Jay Fulton headed the Swans in front seven minutes into a breathless first half dominated by Ipswich, who equalised with Jack Taylor's spectacular long-range strike before Conor Chaplin fired them into the lead.
The home side would have been out of sight by half-time were it not for a series of saves by Swansea goalkeeper Carl Rushworth, but he could not stop George Hirst extending Ipswich's advantage with a penalty after the break.
Swansea's Liam Cullen was then sent off after receiving a second yellow card and, although Jamal Lowe scored a fine individual goal for the visitors in added time, the result was never truly in doubt.
As well as now only trailing Leicester at the top of the table by goal difference, Kieran McKenna's team maintain their eight-point cushion over Leeds United in third place. Swansea, meanwhile, slip to 17th.
Ipswich have been one of the success stories of the Championship this season, soaring into the automatic promotion places after moving up from League One last term.
The division's top scorers' solitary league defeat of this campaign came at home by fellow high flyers Leeds in August, and Swansea threatened to inflict an unexpected second loss when they took a surprise lead in the seventh minute.
A free-kick floated beyond the back post found Lowe unmarked inside the Ipswich penalty area, and he dinked a delicate cross to Fulton, who glanced his header into the bottom corner.
Ipswich were not fazed by falling behind and were quick to get on top of their opponents, with Chaplin shooting over from a well-worked corner before Omari Hutchison had a curling effort saved by Rushworth.
The Swansea goalkeeper could do nothing about the equaliser as Taylor took aim from 25 yards and let fly with a thunderous right-footed shot which swerved away from Rushworth's reach into the top corner.
Rushworth was kept busy by a flurry of Ipswich chances, first repelling a Cameron Burgess header and then making an excellent close-range save from Hutchison, who appeared certain to score after dispossessing his fellow Chelsea loanee Bashir Humphreys.
The home side were not to be denied for long and, five minutes after Taylor's leveller, they were ahead as Chaplin hooked in at the near post after a nod-down from Hirst.
Ipswich continued to attack relentlessly. Hutchison found himself free in Swansea's box again, but played a square ball just beyond the sliding Nathan Broadhead, before Hirst had a powerful shot palmed away by Rushworth.
The second half was just as one-sided as the first. Harry Clarke had a goal disallowed for an apparent push by a team-mate as he headed in from a corner, before Taylor earned Ipswich a penalty when he fell under a challenge from Harrison Ashby.
Hirst fired his spot-kick low beyond Rushworth and, if Swansea were not completely beaten at that point, whatever faint hopes they may have had disappeared when Cullen - booked in the first half - picked up his second yellow card for bringing down Leif Davis as he raced towards the visitors' penalty area.

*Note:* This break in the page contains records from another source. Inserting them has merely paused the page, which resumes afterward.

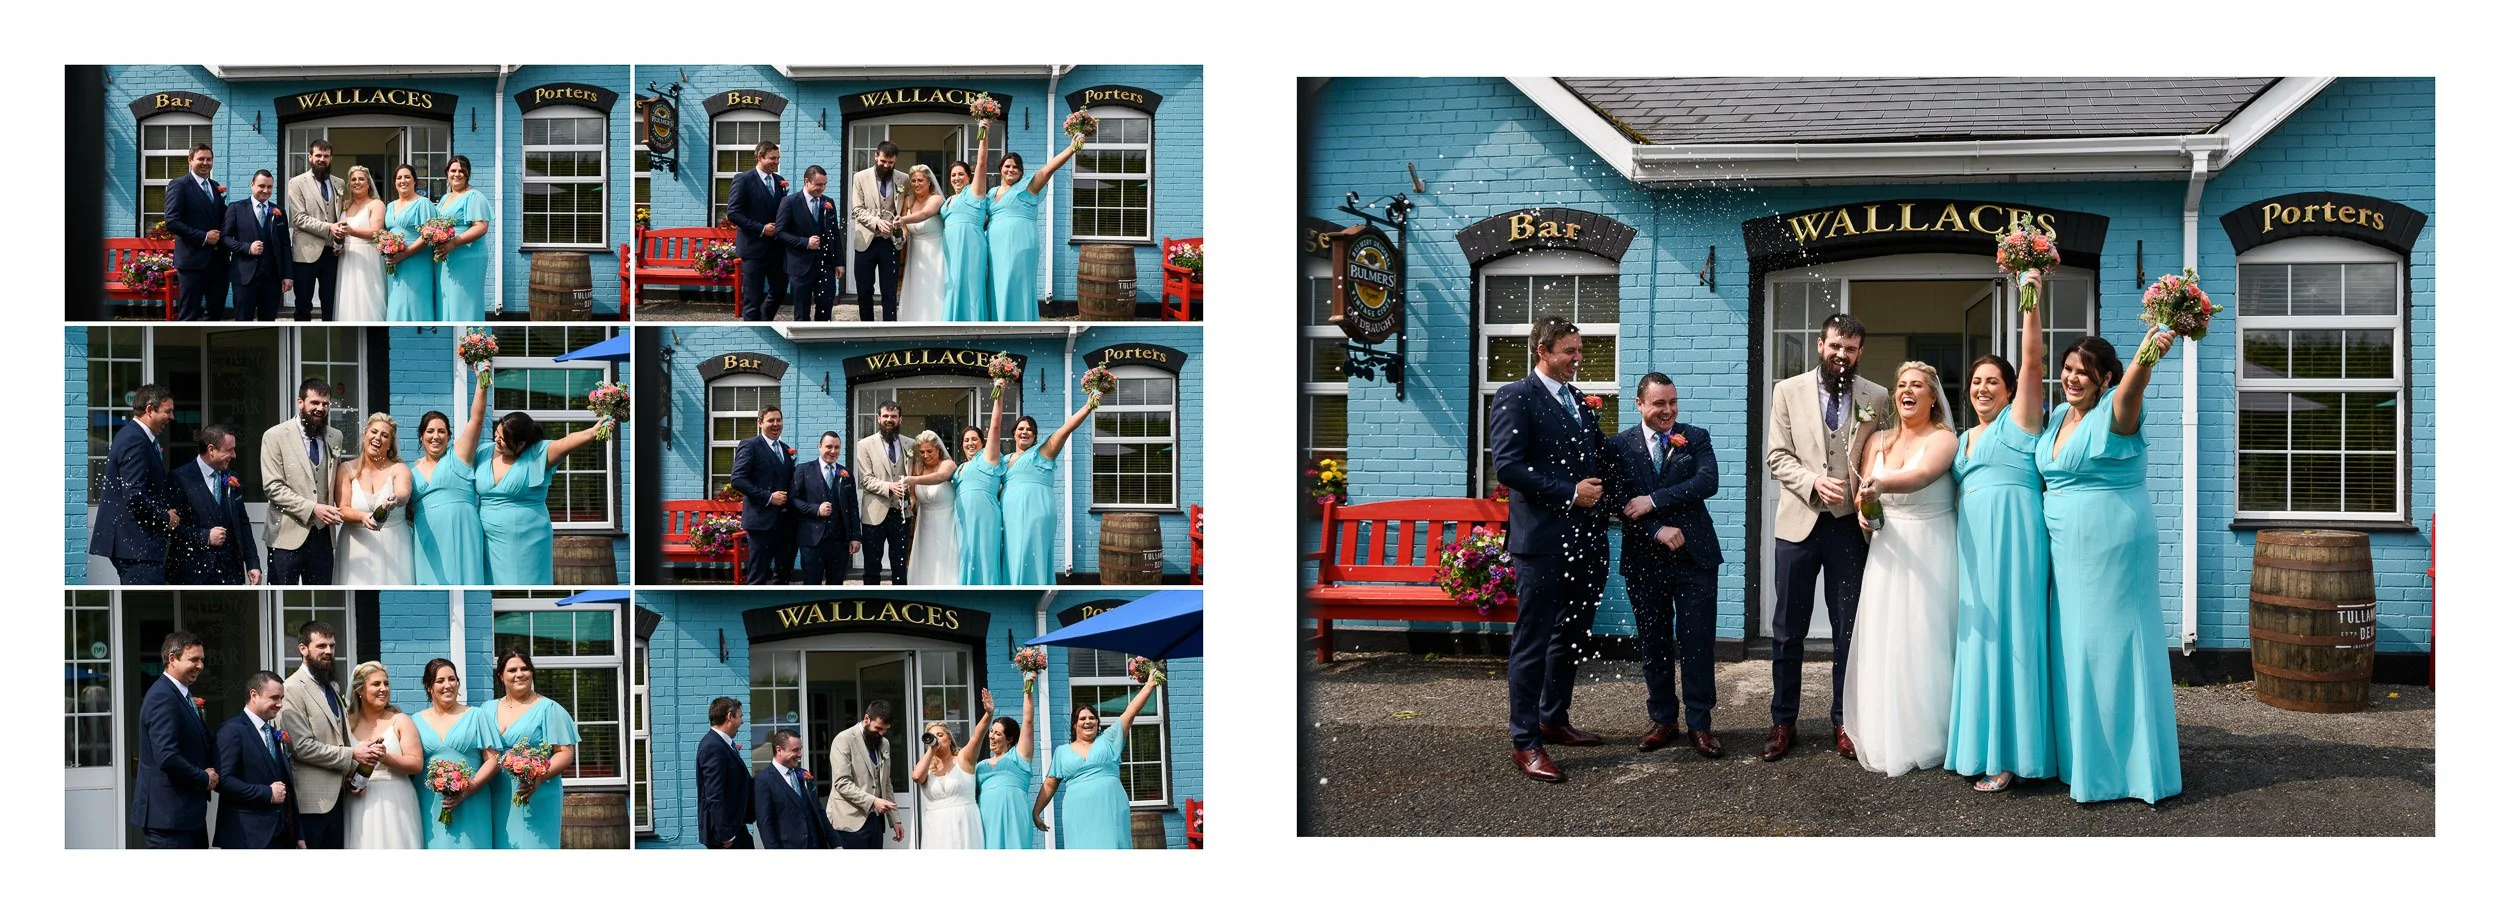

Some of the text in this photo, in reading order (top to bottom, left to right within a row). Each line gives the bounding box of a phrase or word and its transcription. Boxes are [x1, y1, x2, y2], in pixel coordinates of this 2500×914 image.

[156, 93, 193, 109] Bar
[297, 88, 432, 110] WALLACES
[536, 87, 598, 102] Porters
[727, 91, 762, 106] Bar
[860, 88, 976, 109] WALLACE
[1085, 88, 1143, 104] Porters
[1787, 203, 2057, 246] WALLACES
[2262, 201, 2386, 233] Porters
[1508, 213, 1583, 243] Bar
[1350, 264, 1395, 288] BULMERS
[1359, 313, 1395, 333] DRAUGHT
[723, 354, 761, 369] Bar
[866, 349, 999, 371] WALLACE
[1104, 347, 1167, 364] Porters
[776, 601, 959, 630] WALLACES

Chaplin curled the subsequent free-kick narrowly wide and he was one of the Ipswich players substituted in the closing stages as the home side looked to conserve energy.
In the fifth of nine minutes added on, Lowe dribbled his way from the left wing, past two Ipswich defenders and around goalkeeper Vaclav Hladky to score Swansea's second in some style, but that was too little too late for Michael Duff's men, who finished a second successive game with 10 men.
Ipswich manager Kieran McKenna: "It was another game where we've conceded an early goal and we don't want that to happen, but our response was really good.
"It was a great goal by Jack to get us off and running and we were relentless for the rest of the first half. We could have scored any number of goals.
"We were a threat all game. Swansea were brave and played a high line but it was up to the boys to exploit that space and I thought we did that really well."
Swansea boss Michael Duff: "You could sense and feel the anxiety in the stadium (after Lowe scored).
"I thought we were excellent until we scored. We had a mad 10 minutes where to be fair to Jack Taylor, he scored an absolute worldie from our mistake.
"The second goal's not good enough, people not doing their jobs. You can't come to a place like this and gift them a goal like that.
"After half time I thought we wrestled the momentum back and I thought we were good.
"But it was a frustrating day because you're pleased with the character and some of the quality, but frustrated that we gave away poor goals."